### Work request
When you write out the listing below, keep each word exactly as it stands and drop the pictures.

[Start of Attachment]

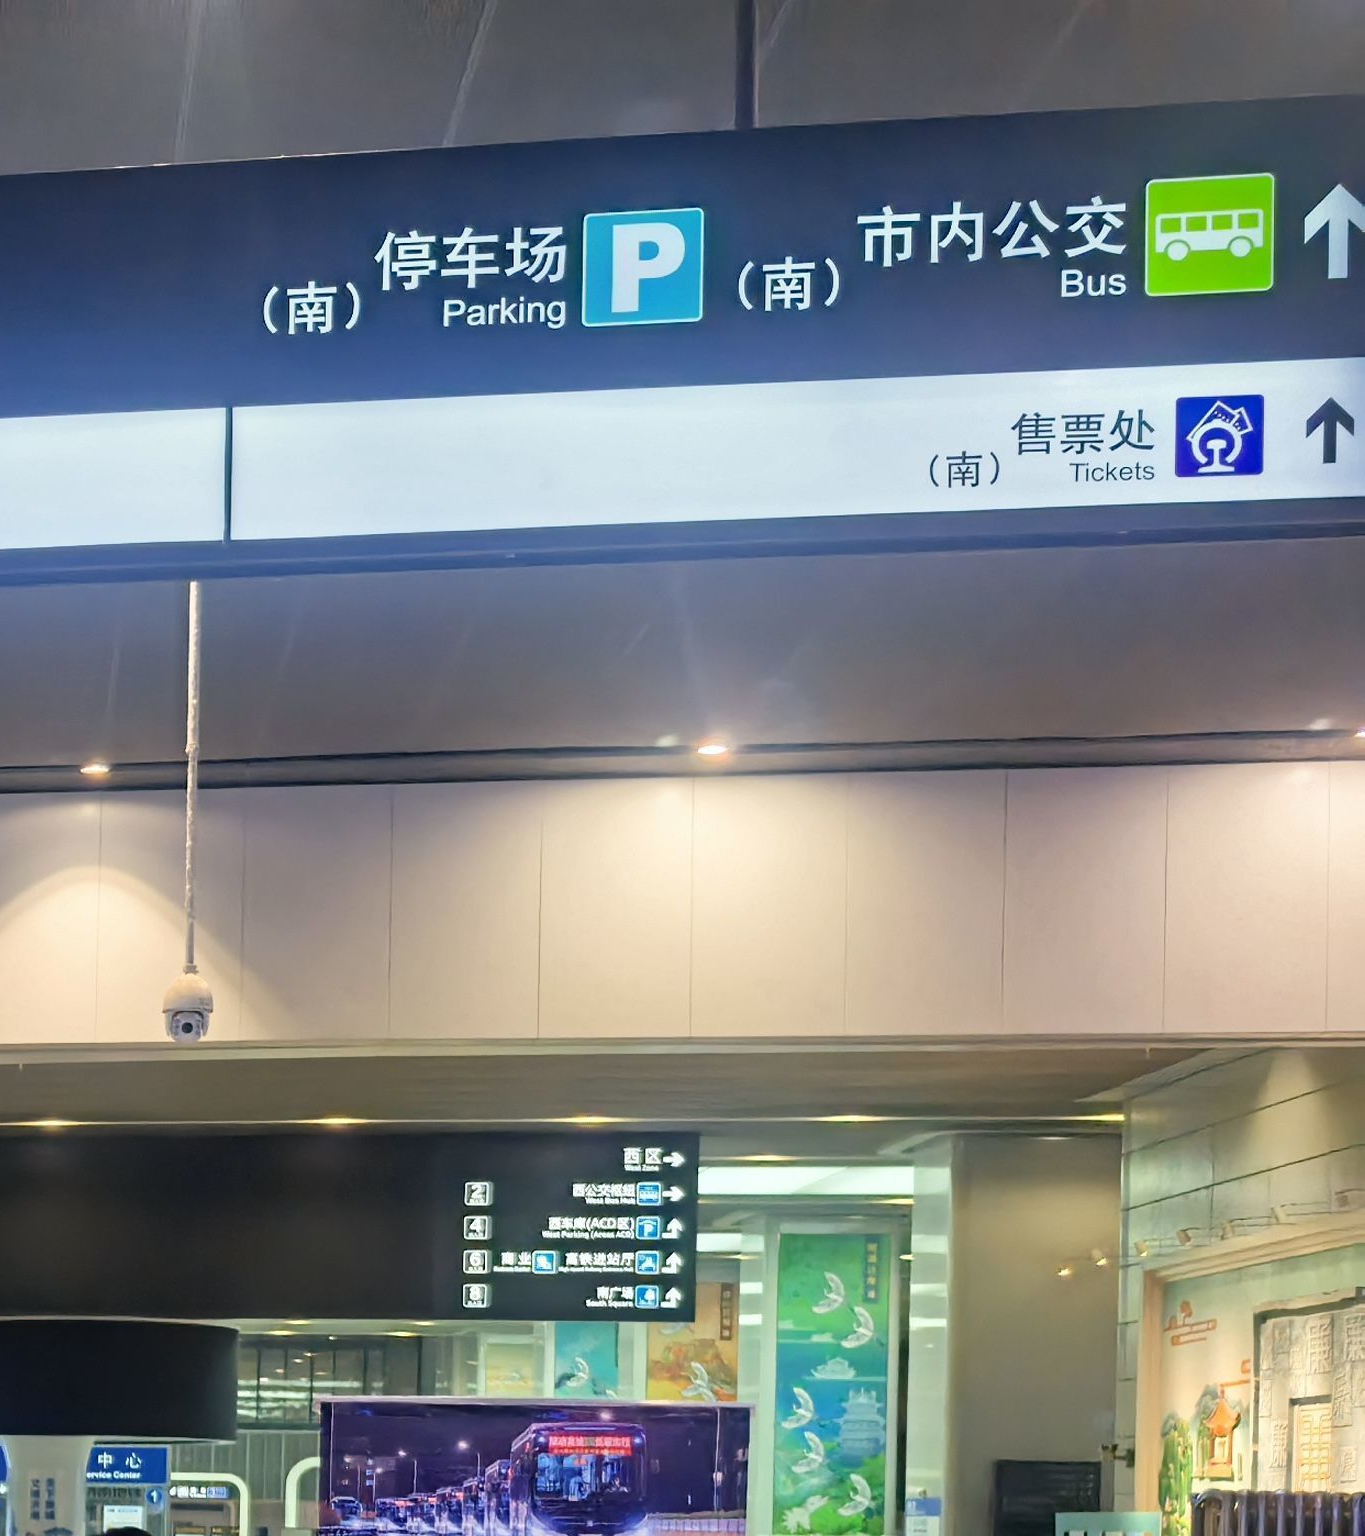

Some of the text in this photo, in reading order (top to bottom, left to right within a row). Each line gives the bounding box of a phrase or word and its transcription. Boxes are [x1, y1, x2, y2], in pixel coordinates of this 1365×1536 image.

[857, 195, 1127, 267] 市内公交
[375, 227, 566, 292] 停车场
[1060, 268, 1128, 298] Bus
[442, 296, 566, 330] Parking
[1010, 409, 1156, 456] 售票处
[1069, 459, 1156, 485] Tickets
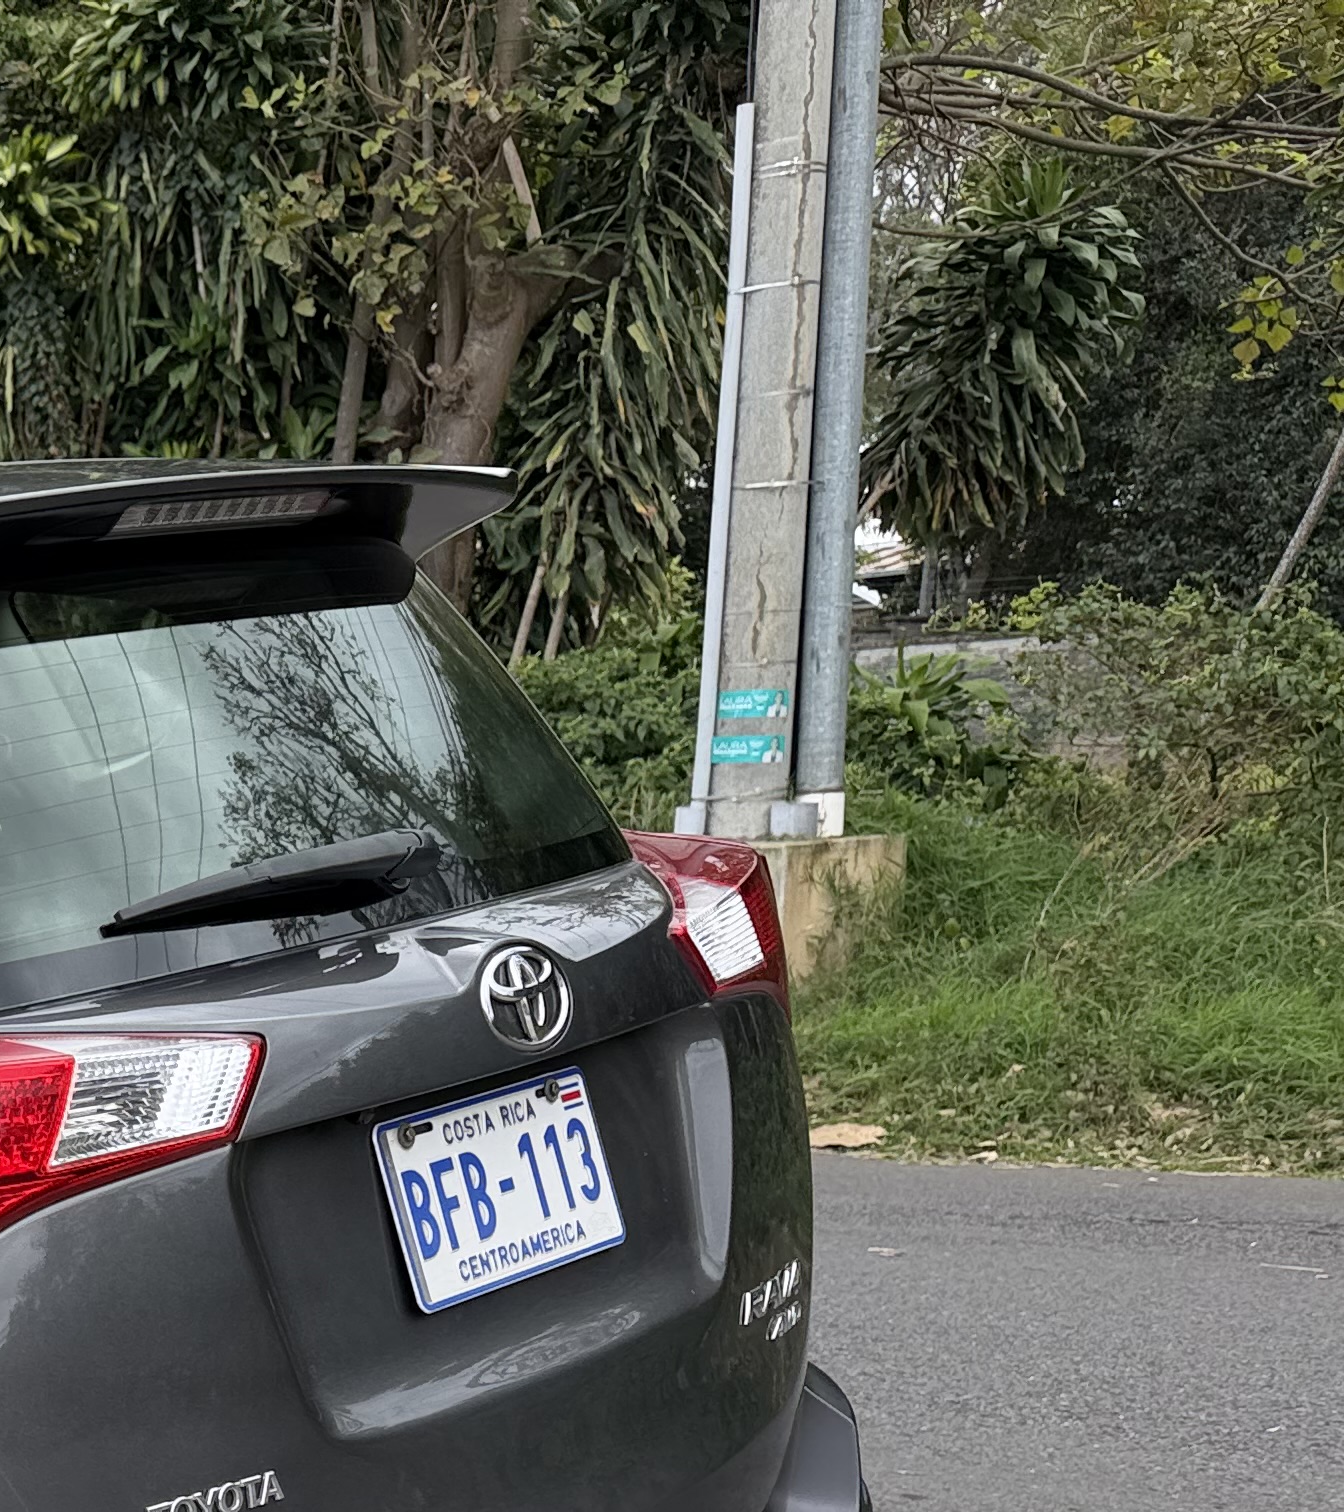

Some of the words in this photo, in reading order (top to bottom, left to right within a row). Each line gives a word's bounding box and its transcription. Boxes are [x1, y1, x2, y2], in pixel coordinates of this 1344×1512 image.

[442, 1110, 496, 1145] COSTA
[499, 1098, 537, 1129] RICA
[400, 1117, 602, 1261] BFB-113
[458, 1219, 587, 1283] CENTROAMERICA

[End of Attachment]

### The completed task
Some of the text in this photo, in reading order (top to bottom, left to right within a row). Each line gives the bounding box of a phrase or word and its transcription. Boxes are [x1, y1, x2, y2], in pixel coordinates of this 1365×1536 image.

[857, 195, 1127, 267] 市内公交
[375, 227, 566, 292] 停车场
[1060, 268, 1128, 298] Bus
[442, 296, 566, 330] Parking
[1010, 409, 1156, 456] 售票处
[1069, 459, 1156, 485] Tickets

Some of the words in this photo, in reading order (top to bottom, left to right within a row). Each line gives a word's bounding box and its transcription. Boxes are [x1, y1, x2, y2], in pixel coordinates of this 1344×1512 image.

[442, 1110, 496, 1145] COSTA
[499, 1098, 537, 1129] RICA
[400, 1117, 602, 1261] BFB-113
[458, 1219, 587, 1283] CENTROAMERICA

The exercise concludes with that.